• **PROBLEM TO WORK ON**:
For every record that follows, write out the text exactly and omit the picture, if one is present.

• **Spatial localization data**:
↓↓↓
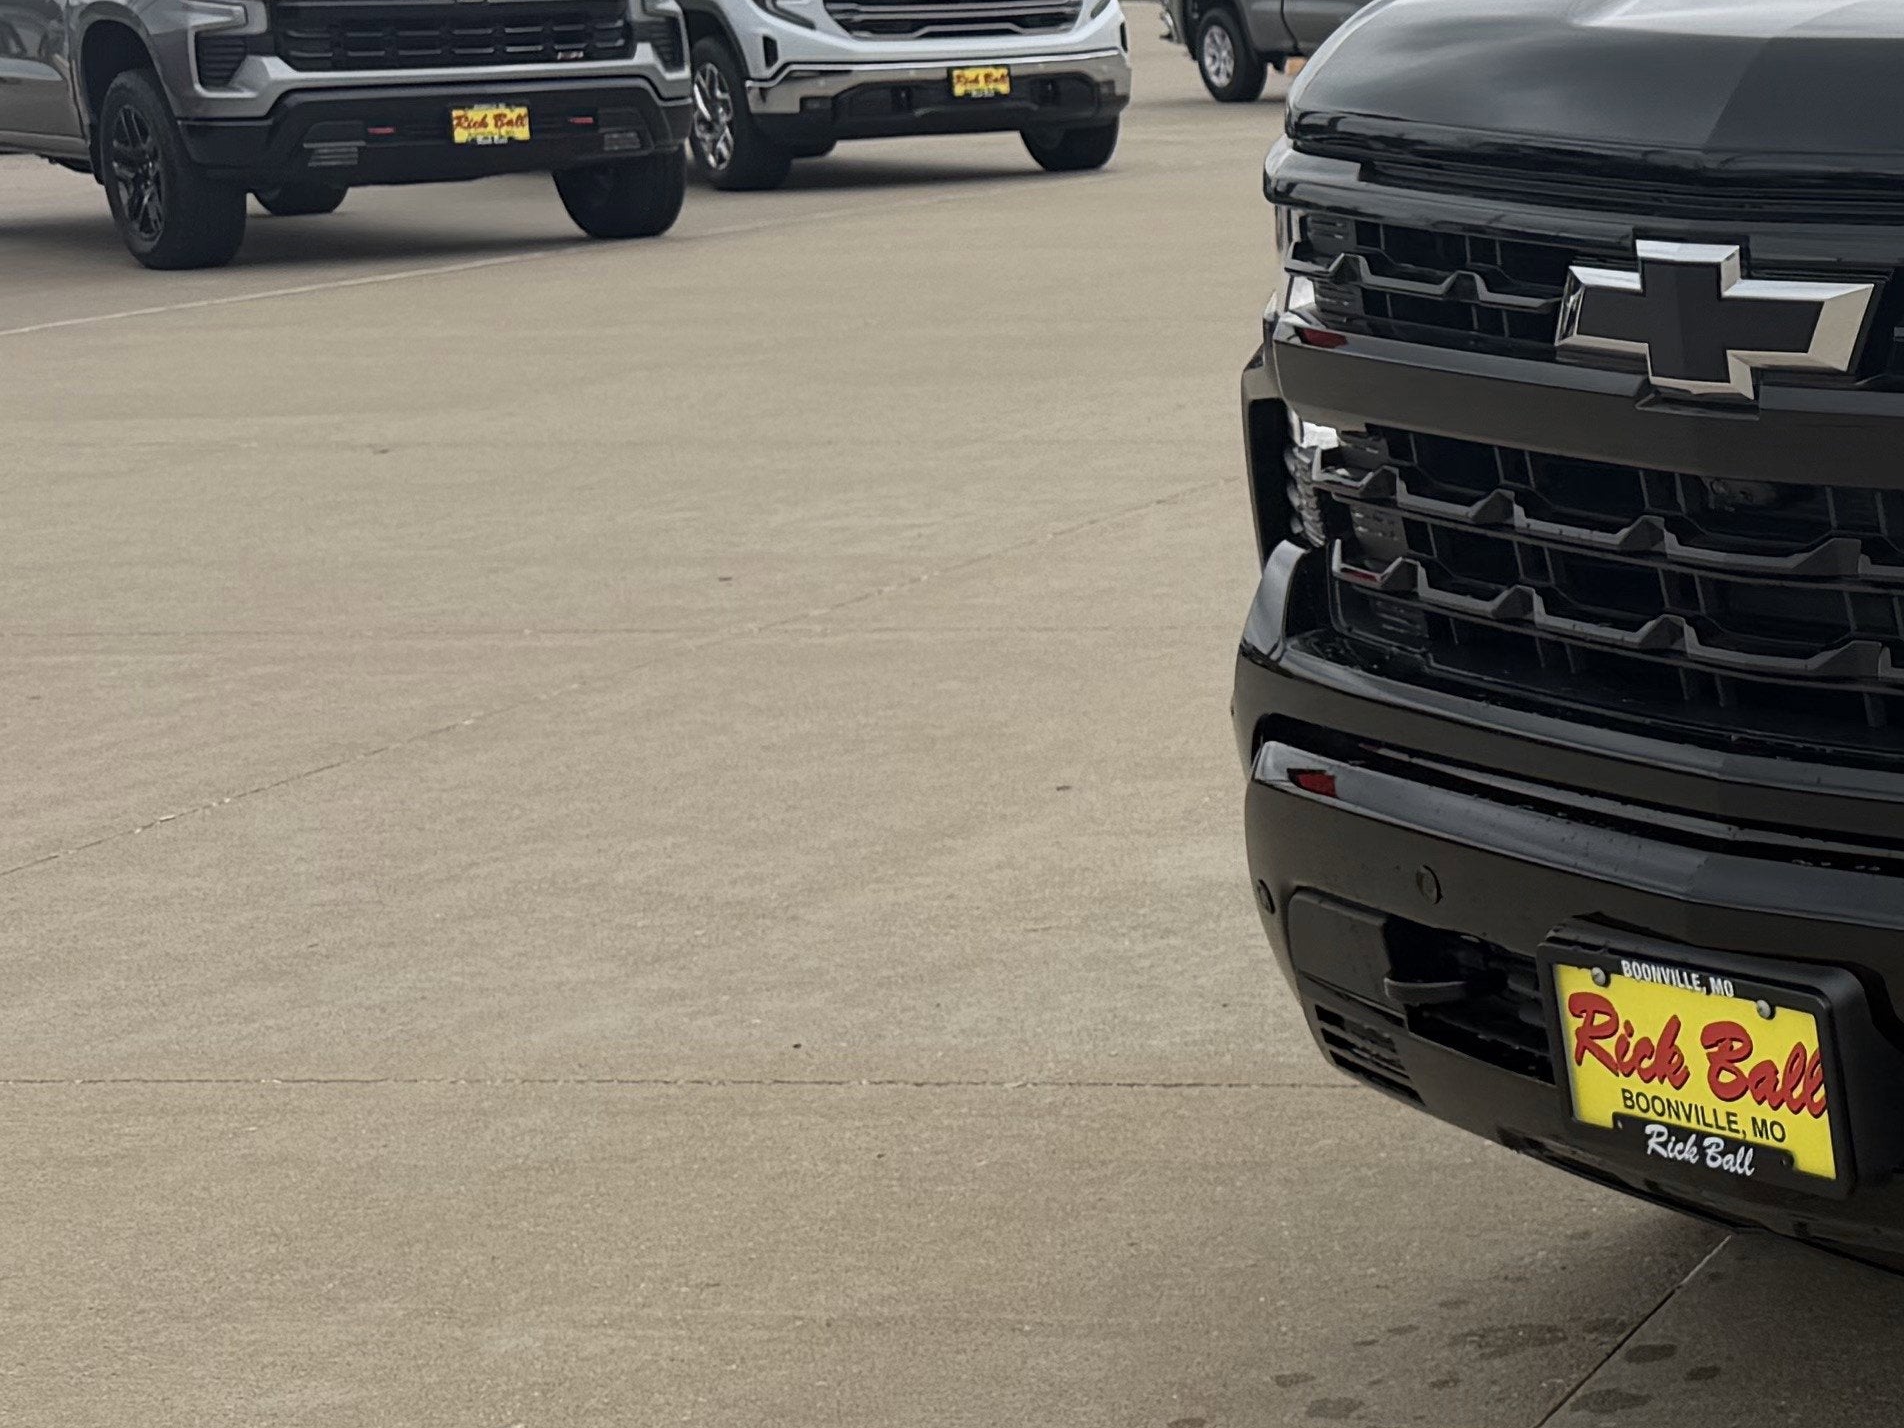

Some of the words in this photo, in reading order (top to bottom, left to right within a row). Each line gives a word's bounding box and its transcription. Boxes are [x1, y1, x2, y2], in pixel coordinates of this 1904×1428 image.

[1620, 959, 1708, 995] BOONVILLE,
[1709, 975, 1735, 998] MO
[1568, 991, 1690, 1091] Rick
[1700, 1020, 1828, 1119] Ball
[1620, 1088, 1748, 1142] BOONVILLE,
[1752, 1115, 1787, 1143] MO
[1644, 1124, 1700, 1165] Rick
[1702, 1137, 1755, 1177] Ball
↑↑↑
• **EXERCISE RESPONSE**:
Some of the words in this photo, in reading order (top to bottom, left to right within a row). Each line gives a word's bounding box and its transcription. Boxes are [x1, y1, x2, y2], in pixel coordinates of this 1904×1428 image.

[1620, 959, 1708, 995] BOONVILLE,
[1709, 975, 1735, 998] MO
[1568, 991, 1690, 1091] Rick
[1700, 1020, 1828, 1119] Ball
[1620, 1088, 1748, 1142] BOONVILLE,
[1752, 1115, 1787, 1143] MO
[1644, 1124, 1700, 1165] Rick
[1702, 1137, 1755, 1177] Ball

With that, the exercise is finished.